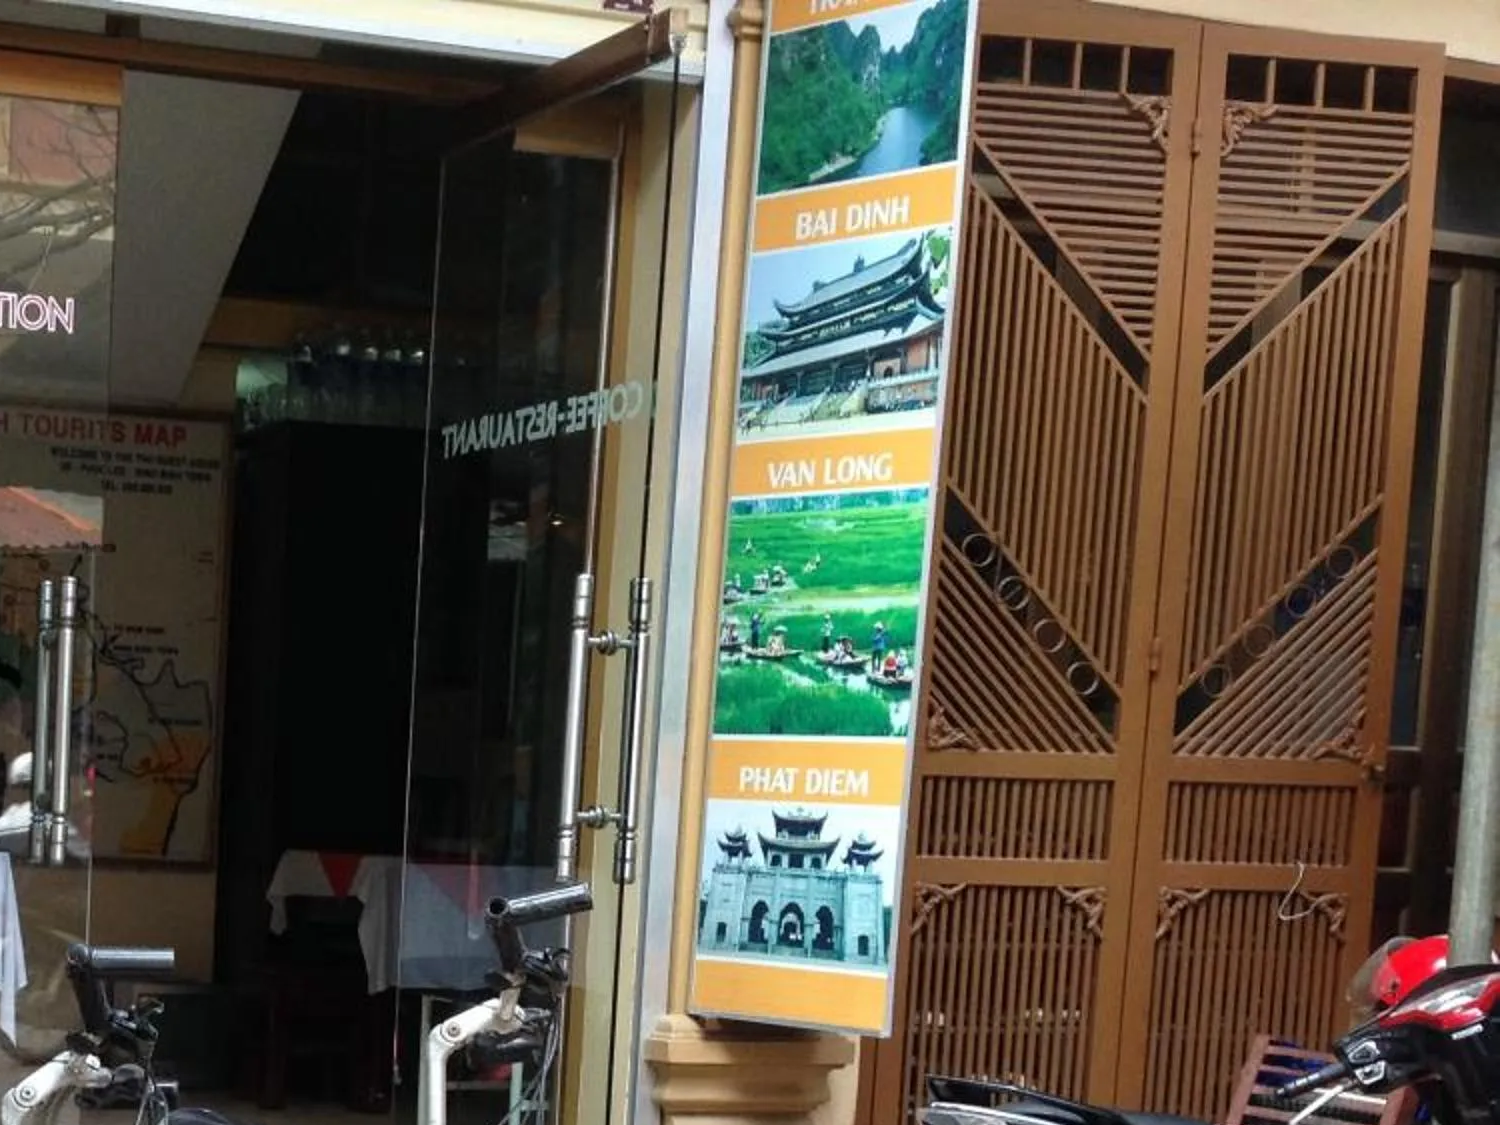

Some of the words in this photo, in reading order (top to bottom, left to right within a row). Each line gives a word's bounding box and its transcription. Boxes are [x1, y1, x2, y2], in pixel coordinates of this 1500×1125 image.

[795, 208, 838, 241] BAI
[846, 195, 910, 232] DINH
[133, 423, 188, 448] MAP
[767, 459, 820, 489] VAN
[823, 452, 894, 482] LONG
[739, 765, 797, 796] PHAT
[804, 767, 869, 798] DIEM
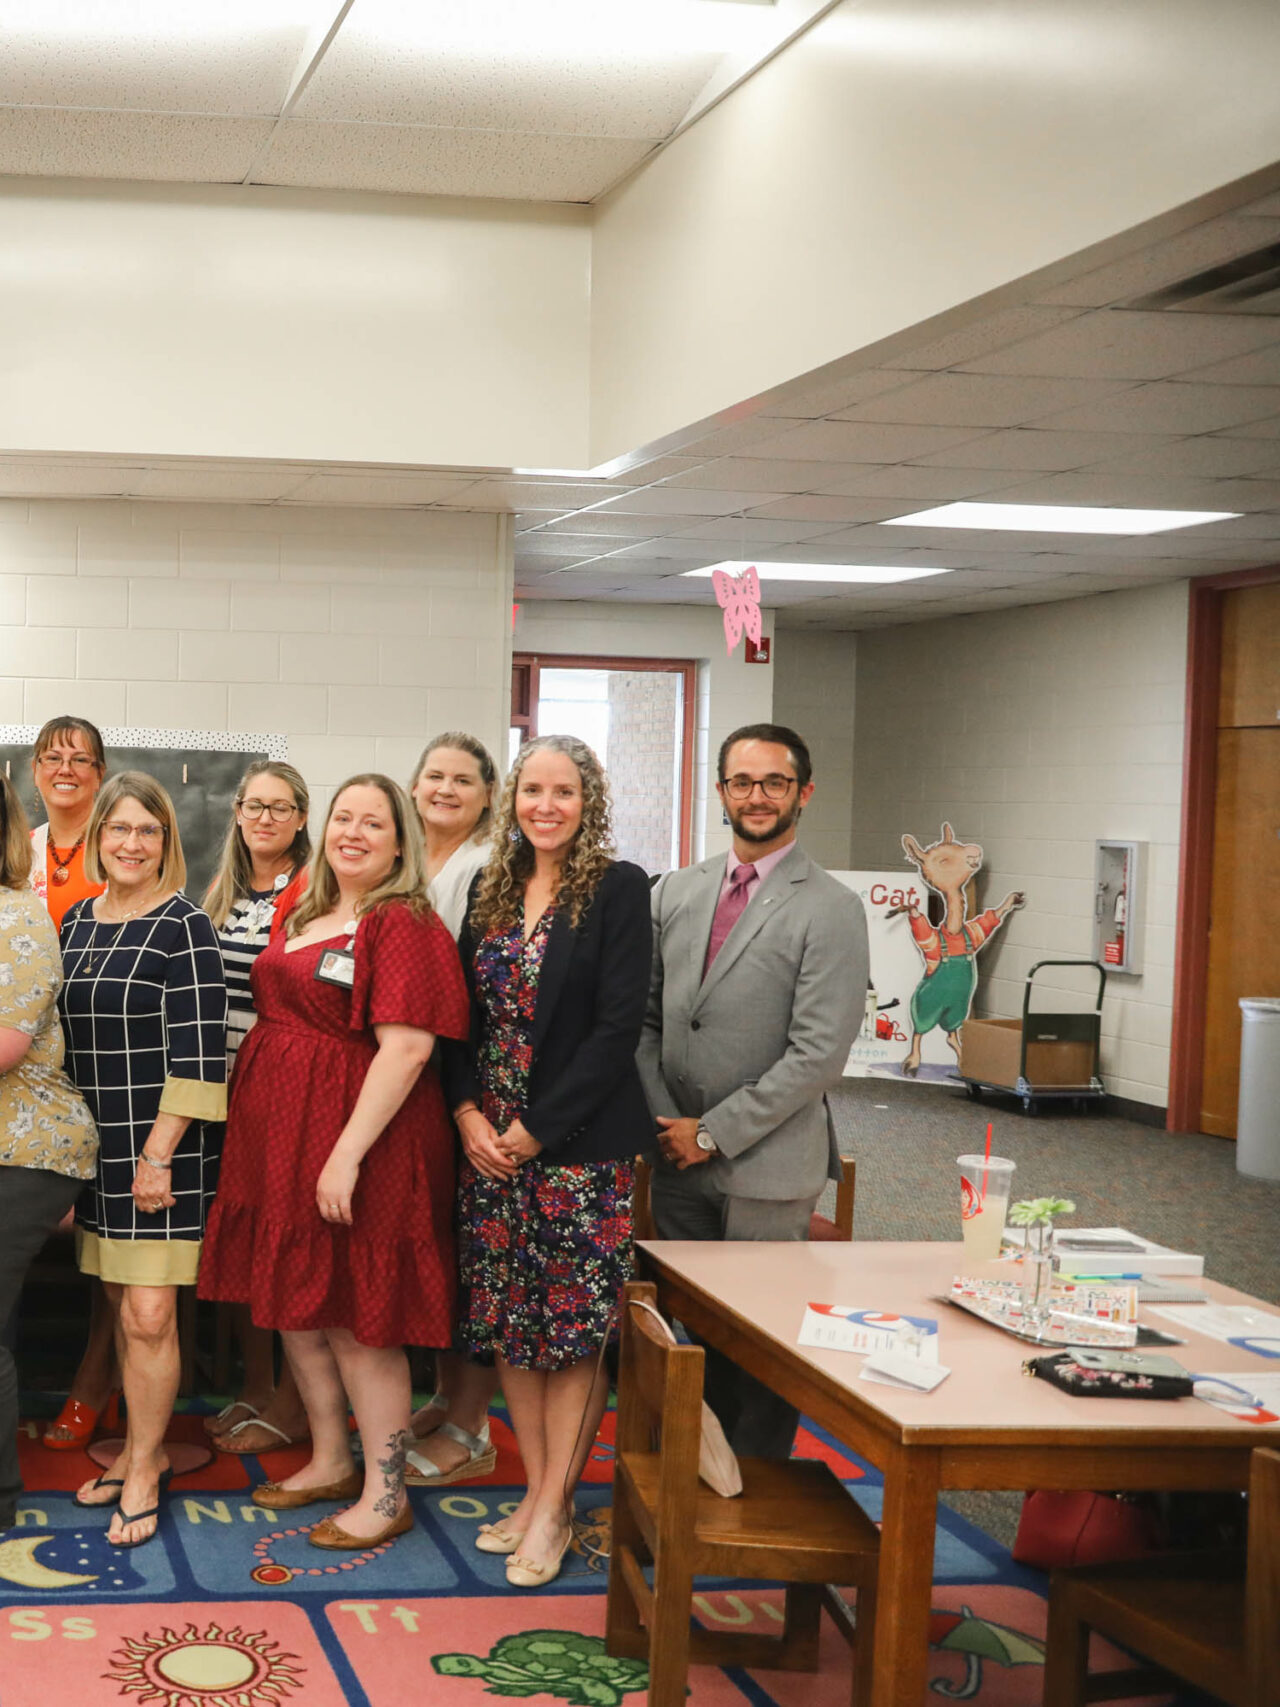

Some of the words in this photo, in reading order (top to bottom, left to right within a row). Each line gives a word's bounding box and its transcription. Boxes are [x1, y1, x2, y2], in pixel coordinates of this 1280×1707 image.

[870, 883, 921, 906] Cat
[183, 1500, 278, 1524] Nn
[8, 1610, 97, 1641] Ss
[339, 1603, 421, 1633] Tt

#####

■ Problem:
Repeat each line above exactly as it reads, omitting any pictures.

■ Answer section:
Some of the words in this photo, in reading order (top to bottom, left to right within a row). Each line gives a word's bounding box and its transcription. Boxes are [x1, y1, x2, y2], in pixel coordinates of this 1500×1125 image.

[795, 208, 838, 241] BAI
[846, 195, 910, 232] DINH
[133, 423, 188, 448] MAP
[767, 459, 820, 489] VAN
[823, 452, 894, 482] LONG
[739, 765, 797, 796] PHAT
[804, 767, 869, 798] DIEM

Some of the words in this photo, in reading order (top to bottom, left to right within a row). Each line gives a word's bounding box and its transcription. Boxes are [x1, y1, x2, y2], in pixel coordinates of this 1280×1707 image.

[870, 883, 921, 906] Cat
[183, 1500, 278, 1524] Nn
[8, 1610, 97, 1641] Ss
[339, 1603, 421, 1633] Tt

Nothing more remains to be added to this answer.